Every year, Elena participated in the mock disaster staged by the largest of the Atlanta-area hospitals. The chief of staff at Mercy Hospital had been in New York on the day the towers fell, and when he came to Georgia, he believed in training his fellow physicians to prepare for a disaster on a broader scale than any of them could reasonably dream could happen. Elena had never missed a drill. The past two years, she'd even served as one of the triage leads for the pediatric patients. Over eighty kids participated last time—in a simulation meant to mimic a shooting at an elementary school. Drill or not, seeing the little ones in makeup intended to show the gore associated with their injuries, more than one staff member had been shaken at the sheer volume of patients facing them.

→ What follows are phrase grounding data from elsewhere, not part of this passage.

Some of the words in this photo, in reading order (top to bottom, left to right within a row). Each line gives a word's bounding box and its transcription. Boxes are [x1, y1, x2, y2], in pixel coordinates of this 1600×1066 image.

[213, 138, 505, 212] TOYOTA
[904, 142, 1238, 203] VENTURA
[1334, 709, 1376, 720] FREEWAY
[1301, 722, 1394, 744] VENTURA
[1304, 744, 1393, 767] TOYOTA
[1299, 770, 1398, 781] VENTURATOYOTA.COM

That drill had taken every ounce of Elena's ability to focus, but she'd never felt overwhelmed.
But right now, Elena felt vastly overwhelmed.

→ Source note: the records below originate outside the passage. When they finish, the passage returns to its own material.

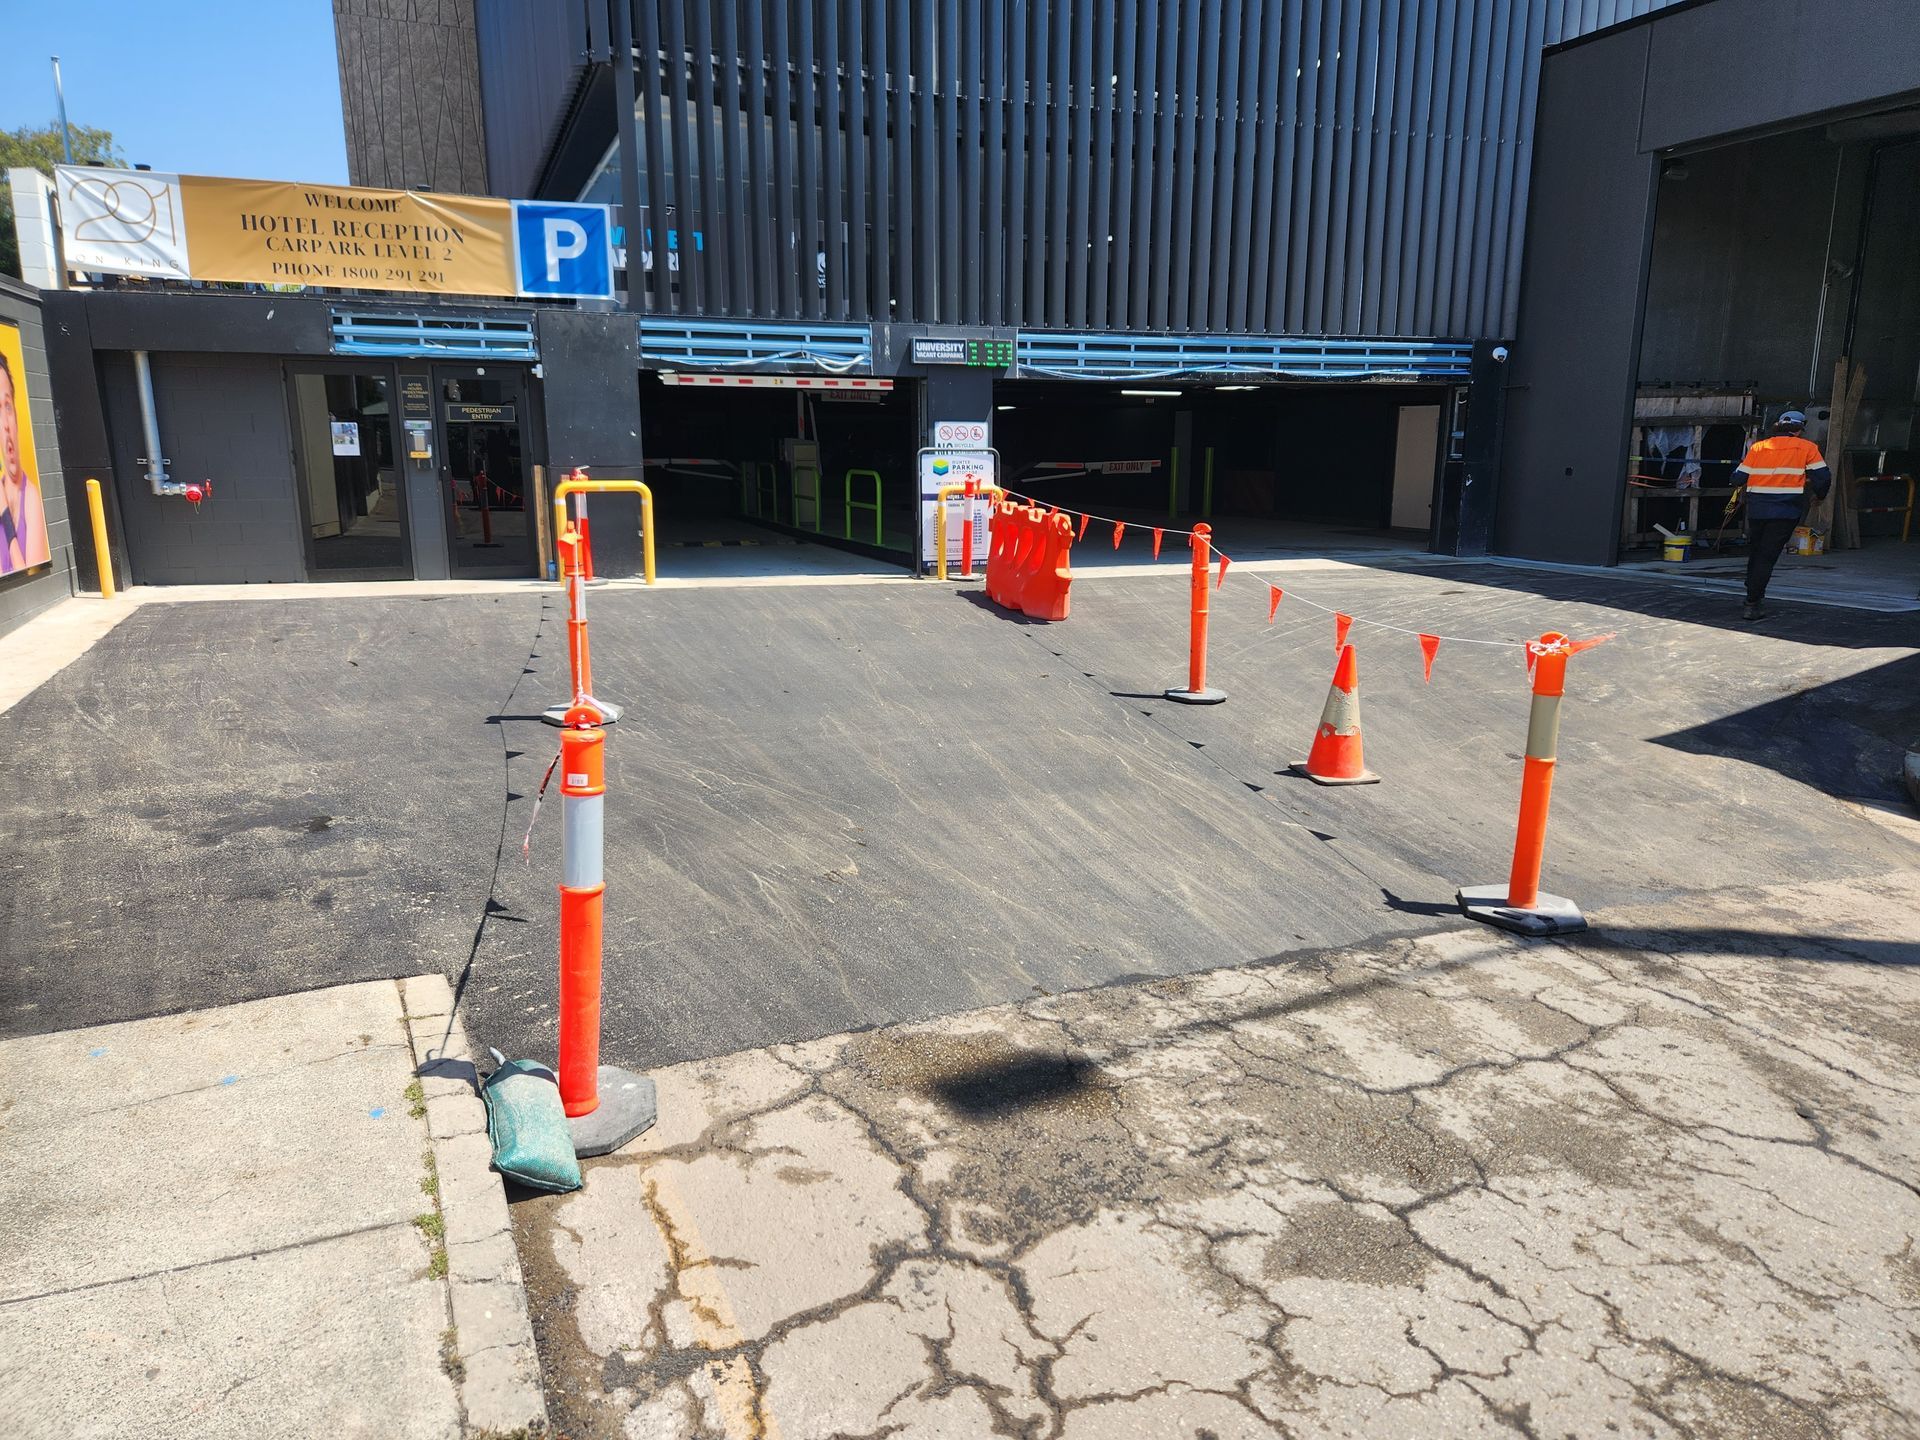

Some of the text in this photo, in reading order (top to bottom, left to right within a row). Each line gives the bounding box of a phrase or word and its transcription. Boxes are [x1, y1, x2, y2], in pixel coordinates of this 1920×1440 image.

[69, 178, 177, 247] 291
[304, 193, 403, 213] WELCOME
[241, 214, 465, 245] HOTEL RECEPTION
[265, 236, 453, 262] CARPARK LEVEL 2
[543, 217, 588, 282] P
[75, 255, 179, 270] ON KING
[272, 261, 446, 284] PHONE 1800 291 291
[915, 341, 965, 352] UNIVERSITY
[937, 442, 954, 456] NO
[1109, 461, 1144, 471] EXIT ONLY

The fire engine had connected with an area of low bleachers and spectators in folding chairs lining the street. At one quick glance, she'd tallied a dozen people with moderate to severe injuries. At least three appeared life-threatening. None of the others were as gravely injured as the little one she knelt beside.
All the others were conscious; most were able to move at least to some degree. Her godson Bryce was lying motionless in front of her, blood pooling from an injury she couldn't find. The screams and shouts and general chaos of the panic surrounding them faded into a buzz that disturbed her little more than a gnat circling her head.

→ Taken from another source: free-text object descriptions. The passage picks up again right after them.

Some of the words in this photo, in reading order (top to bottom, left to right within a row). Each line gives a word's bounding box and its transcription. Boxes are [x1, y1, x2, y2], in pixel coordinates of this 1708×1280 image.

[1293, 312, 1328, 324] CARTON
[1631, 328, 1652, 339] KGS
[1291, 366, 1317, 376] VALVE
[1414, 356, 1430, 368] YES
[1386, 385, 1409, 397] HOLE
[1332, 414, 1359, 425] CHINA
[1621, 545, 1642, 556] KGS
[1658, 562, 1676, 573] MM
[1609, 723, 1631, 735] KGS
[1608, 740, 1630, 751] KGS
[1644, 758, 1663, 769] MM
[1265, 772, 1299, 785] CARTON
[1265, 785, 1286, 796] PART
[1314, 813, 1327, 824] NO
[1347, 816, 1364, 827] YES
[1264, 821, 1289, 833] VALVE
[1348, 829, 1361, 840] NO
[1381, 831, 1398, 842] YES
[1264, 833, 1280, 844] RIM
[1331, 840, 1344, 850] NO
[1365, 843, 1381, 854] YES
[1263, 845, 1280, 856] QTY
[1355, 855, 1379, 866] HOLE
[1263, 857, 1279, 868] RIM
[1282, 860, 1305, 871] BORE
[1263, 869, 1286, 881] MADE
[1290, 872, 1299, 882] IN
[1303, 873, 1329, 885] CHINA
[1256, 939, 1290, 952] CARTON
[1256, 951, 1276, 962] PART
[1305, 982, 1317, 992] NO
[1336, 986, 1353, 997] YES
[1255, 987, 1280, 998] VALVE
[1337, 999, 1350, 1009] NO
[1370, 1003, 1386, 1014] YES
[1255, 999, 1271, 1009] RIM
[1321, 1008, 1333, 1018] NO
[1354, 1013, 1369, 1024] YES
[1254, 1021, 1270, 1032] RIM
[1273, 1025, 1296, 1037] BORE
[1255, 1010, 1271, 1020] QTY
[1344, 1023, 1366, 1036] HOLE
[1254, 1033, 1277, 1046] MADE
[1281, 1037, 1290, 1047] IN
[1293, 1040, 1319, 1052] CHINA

"Come on, Bryce. Stay with me." She unwound his scarf from his neck. Whenever she found the source of the bleeding, she'd need some kind of bandage. The color was draining from his face as quickly as the puddle of red expanded beneath him. As much as she hated to expose him to the cold, she had to ease his coat off to find the injury.
"Bryce!" A shriek from a voice she recognized far too well pierced her ear.
Only chancing a quick glance up, Elena yelled for help. "Bonnie, take Tori. And get Caroline out of here. No one can handle her going into labor right now."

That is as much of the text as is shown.